[Free-text object descriptions]
=======
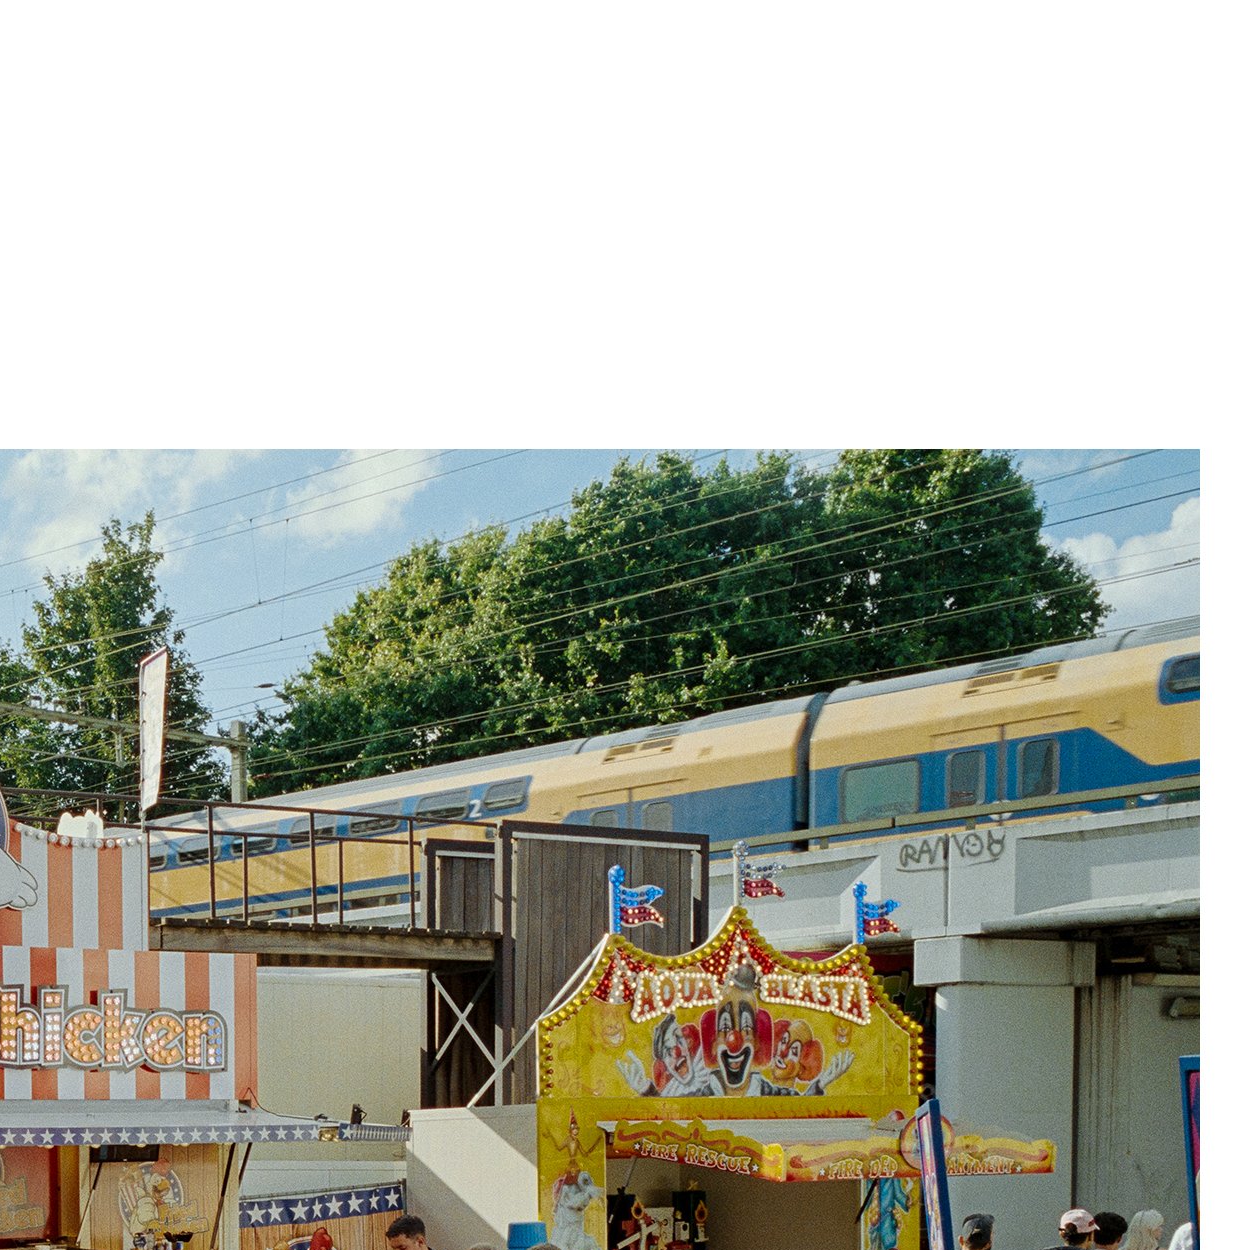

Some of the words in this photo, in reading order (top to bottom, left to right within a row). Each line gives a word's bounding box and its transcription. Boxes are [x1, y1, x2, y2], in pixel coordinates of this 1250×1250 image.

[469, 799, 482, 818] 2
[764, 974, 867, 1021] BLASTA
[641, 1138, 679, 1162] FIRE
[685, 1143, 751, 1175] RESCUE
[828, 1158, 863, 1179] FIRE
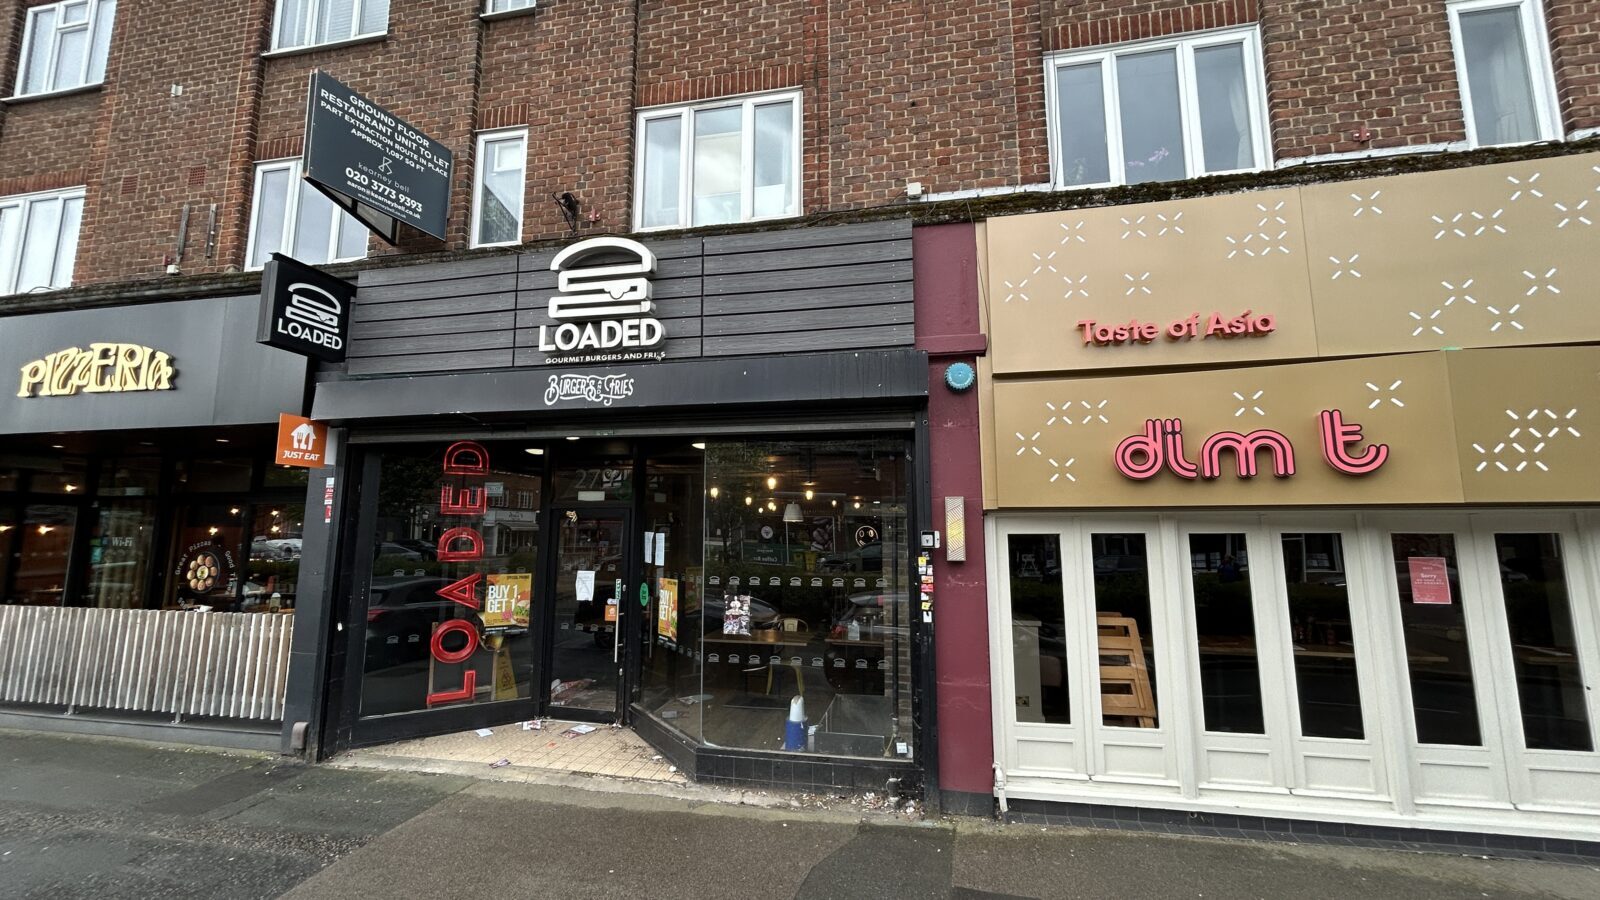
=======
→ The task: Please copy the records above word for word, omitting every picture.

→ Output below:
Some of the words in this photo, in reading order (top to bottom, left to right within a row). Each line gives a word's bounding box and its transcription. Boxes are [x1, y1, x2, y2], in pixel coordinates of this 1250×1250 image.

[469, 799, 482, 818] 2
[764, 974, 867, 1021] BLASTA
[641, 1138, 679, 1162] FIRE
[685, 1143, 751, 1175] RESCUE
[828, 1158, 863, 1179] FIRE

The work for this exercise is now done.